Try it:
Below are the entries; transcribe them exactly and drop every picture.

════════════════

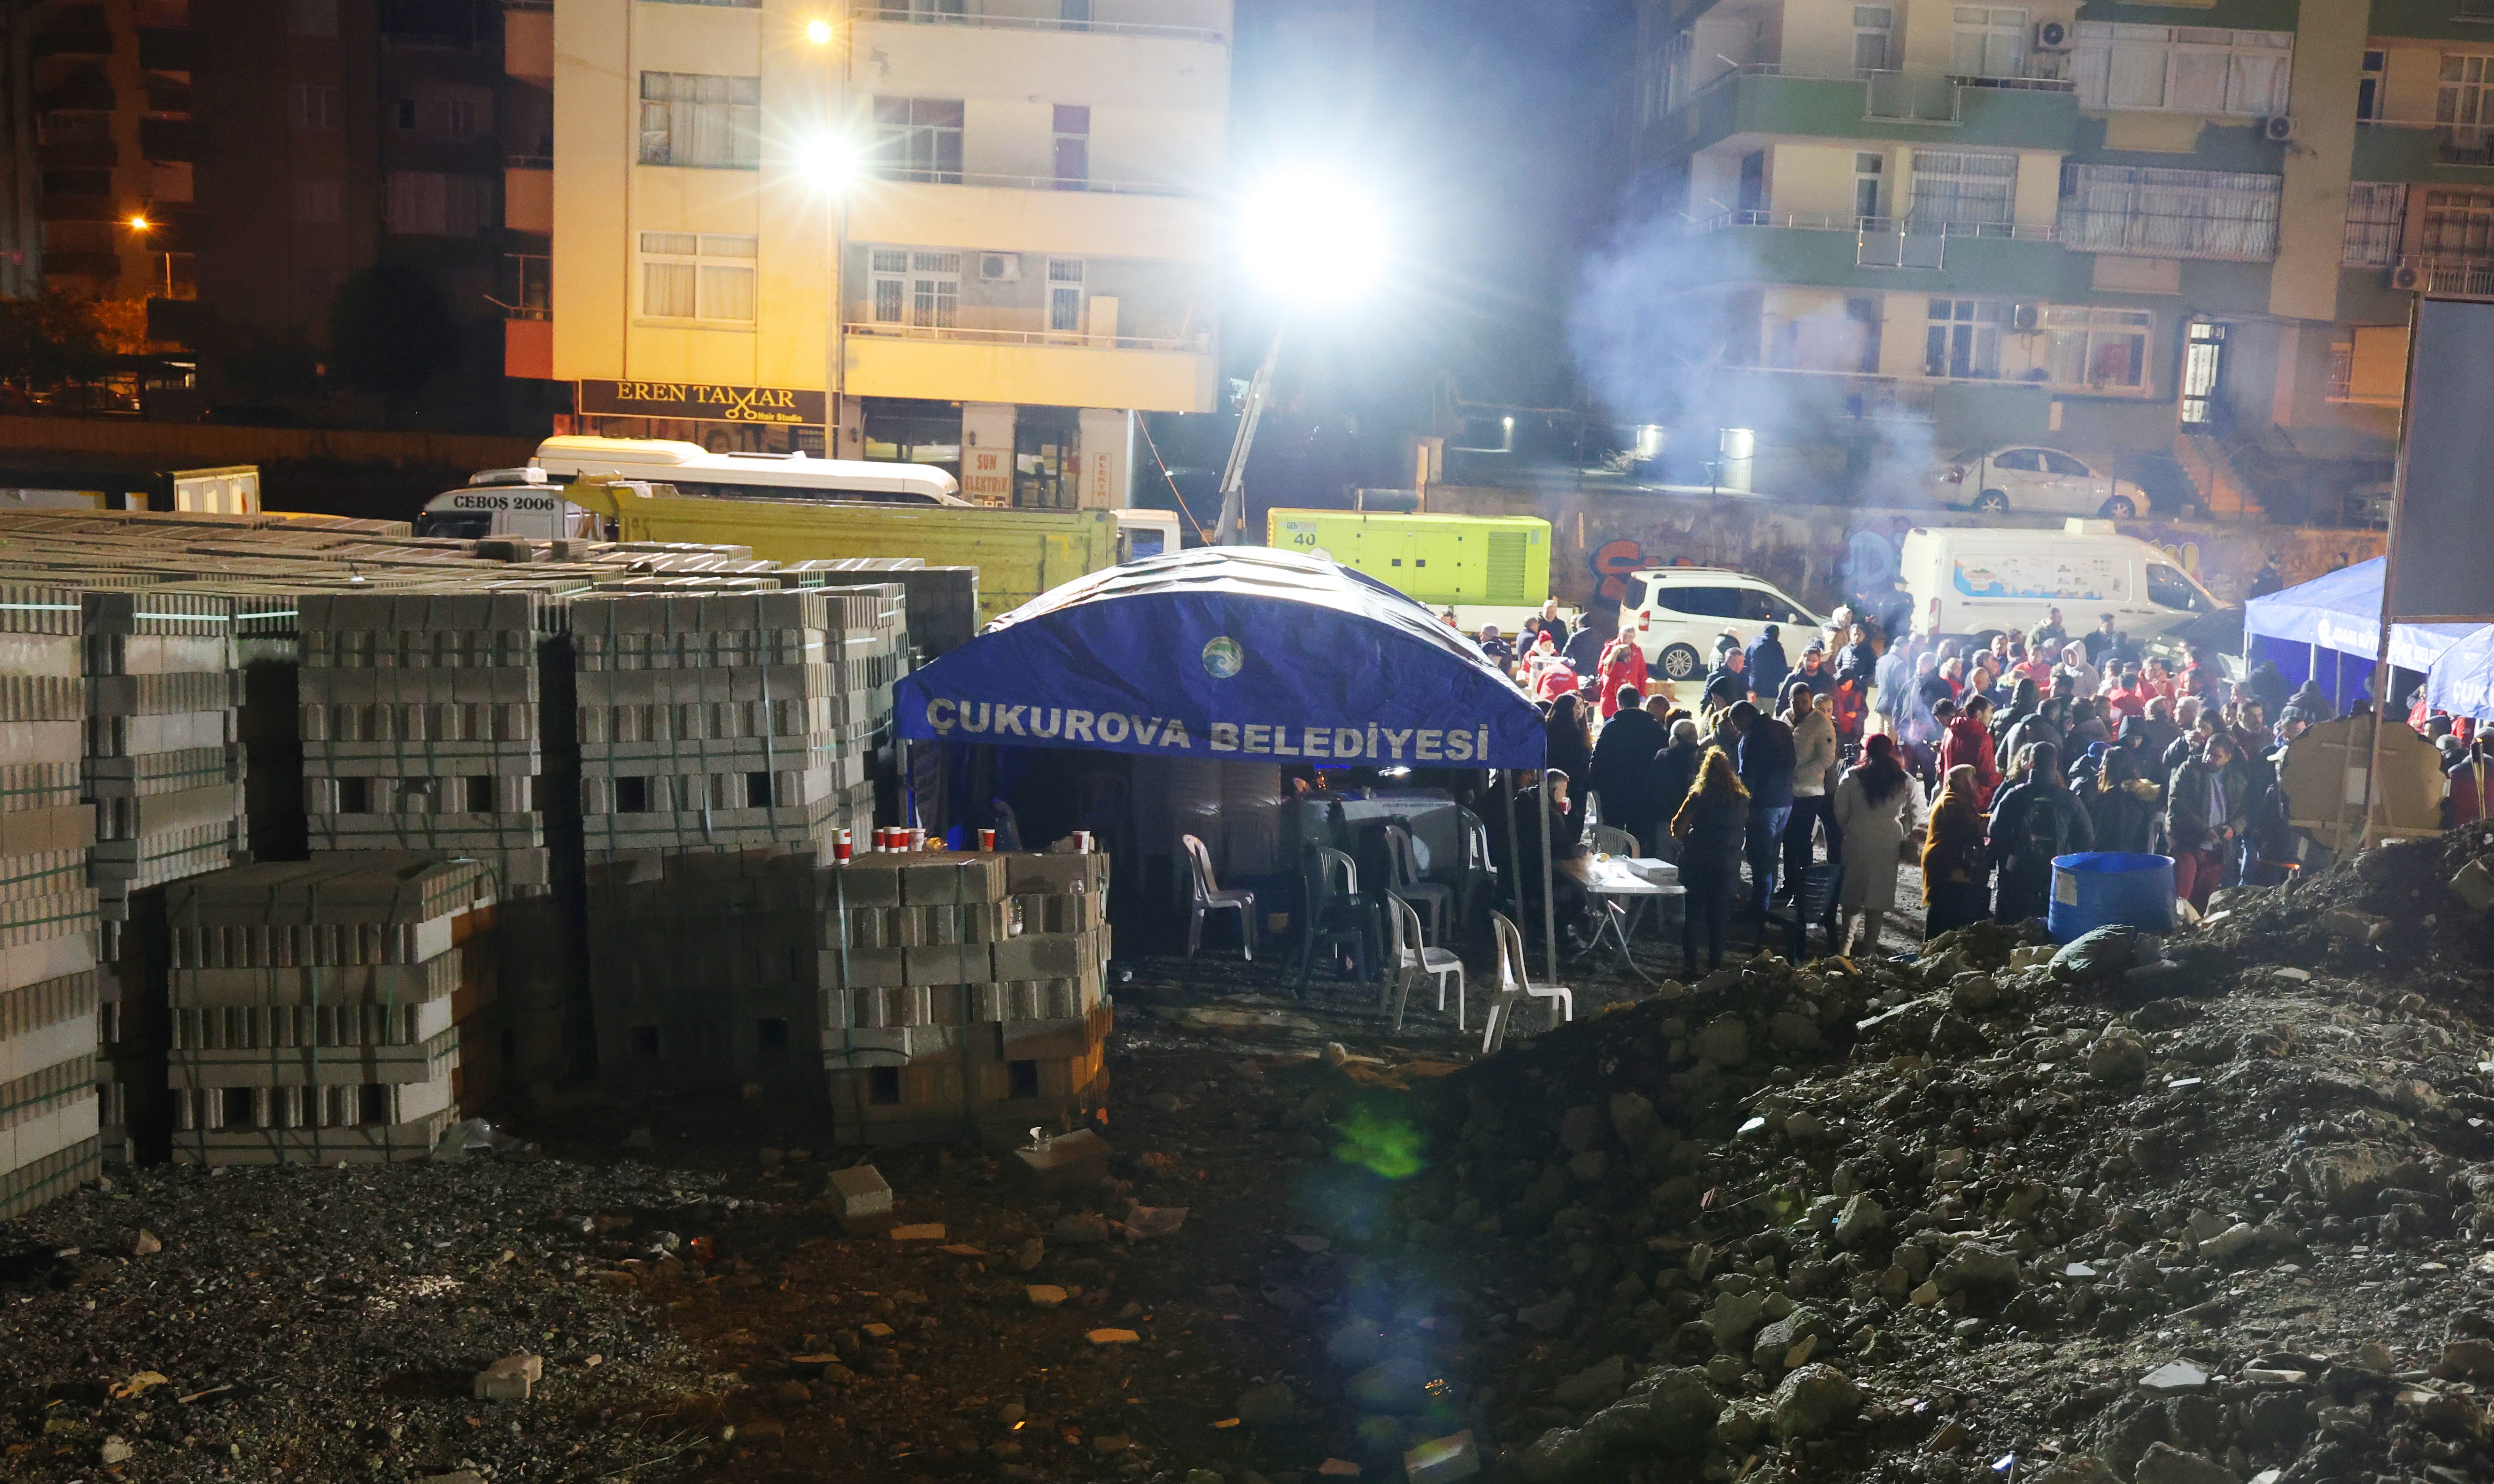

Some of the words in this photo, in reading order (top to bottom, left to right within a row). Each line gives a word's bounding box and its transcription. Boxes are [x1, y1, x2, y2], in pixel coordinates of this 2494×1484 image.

[617, 382, 686, 402] EREN
[693, 385, 796, 409] TAMAR
[758, 412, 775, 421] Hair
[977, 453, 996, 470] SUN
[454, 495, 508, 510] CEBOS
[513, 497, 554, 510] 2006
[1293, 533, 1316, 545] 40
[926, 698, 1191, 749] ÇUKUROVA
[1210, 722, 1489, 761] BELEDİYESİ
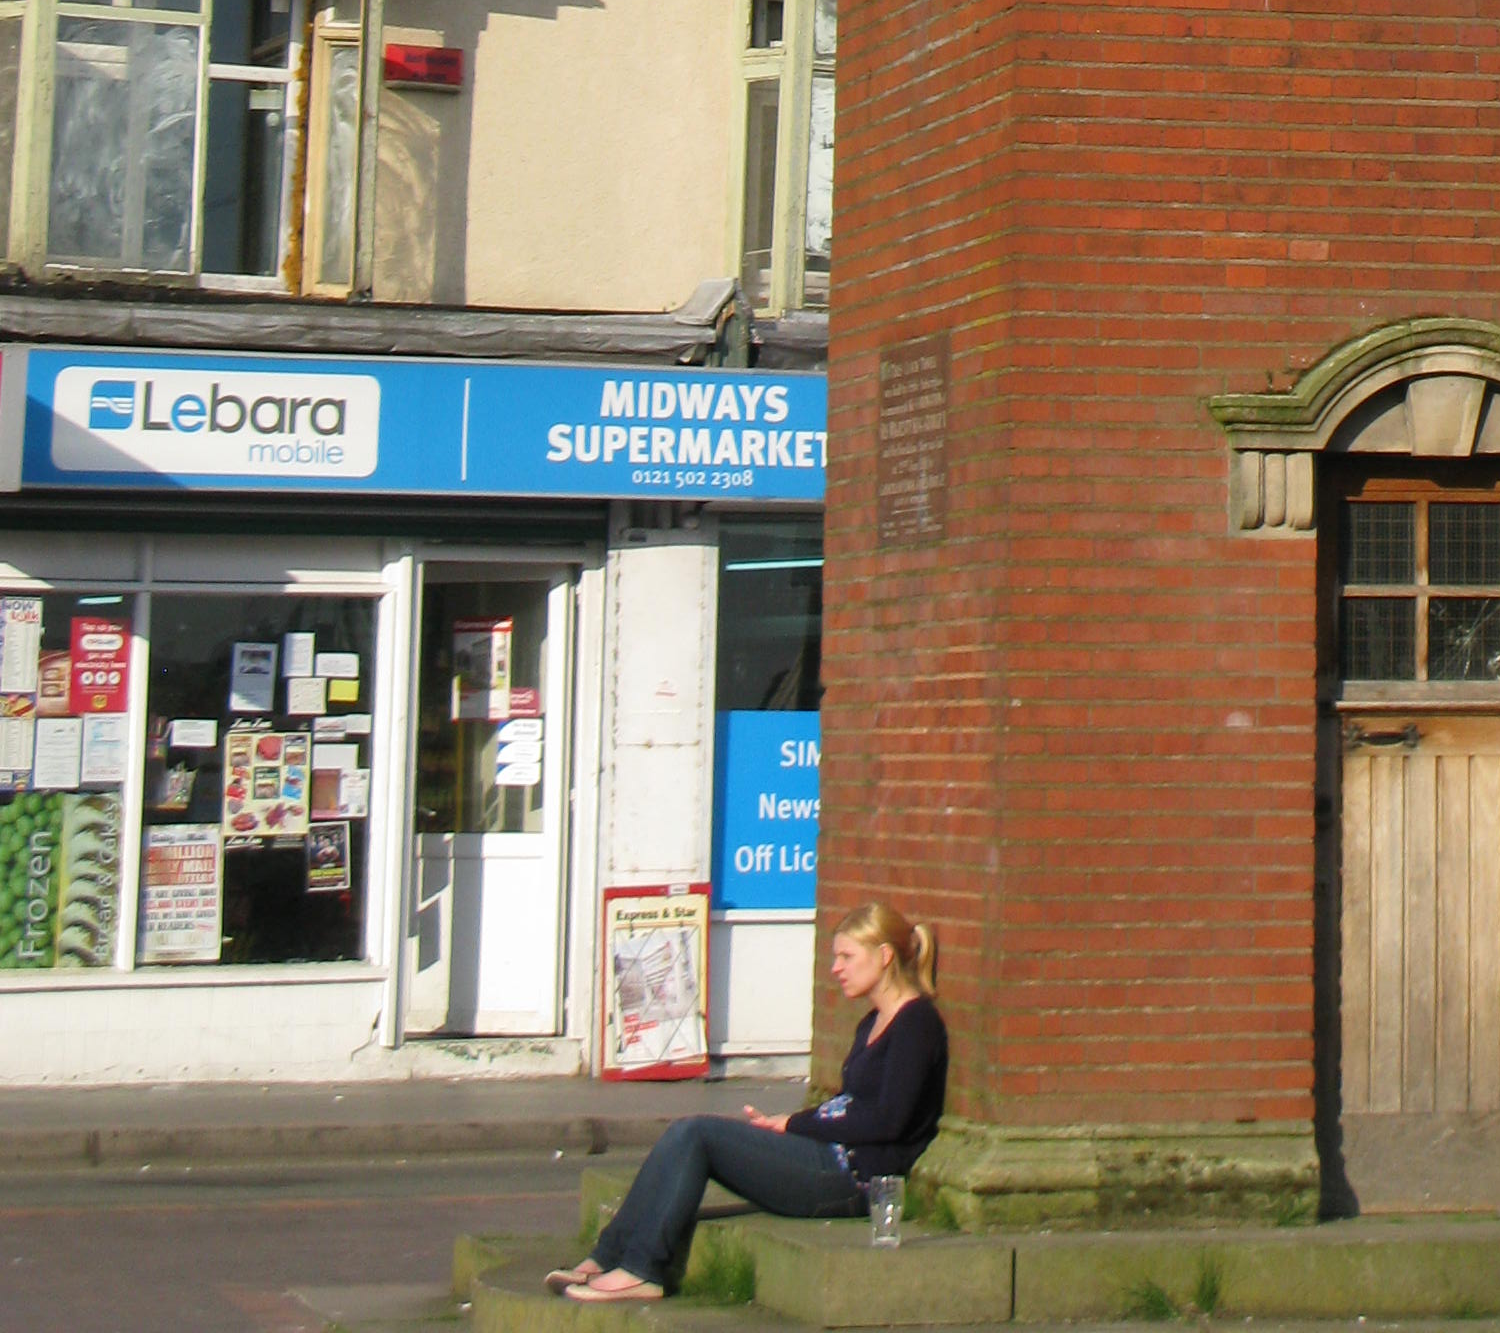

════════════════

Answer to the problem:
Some of the words in this photo, in reading order (top to bottom, left to right within a row). Each line gives a word's bounding box and its transcription. Boxes are [x1, y1, x2, y2], in pixel coordinates of this 2494×1484 image.

[617, 382, 686, 402] EREN
[693, 385, 796, 409] TAMAR
[758, 412, 775, 421] Hair
[977, 453, 996, 470] SUN
[454, 495, 508, 510] CEBOS
[513, 497, 554, 510] 2006
[1293, 533, 1316, 545] 40
[926, 698, 1191, 749] ÇUKUROVA
[1210, 722, 1489, 761] BELEDİYESİ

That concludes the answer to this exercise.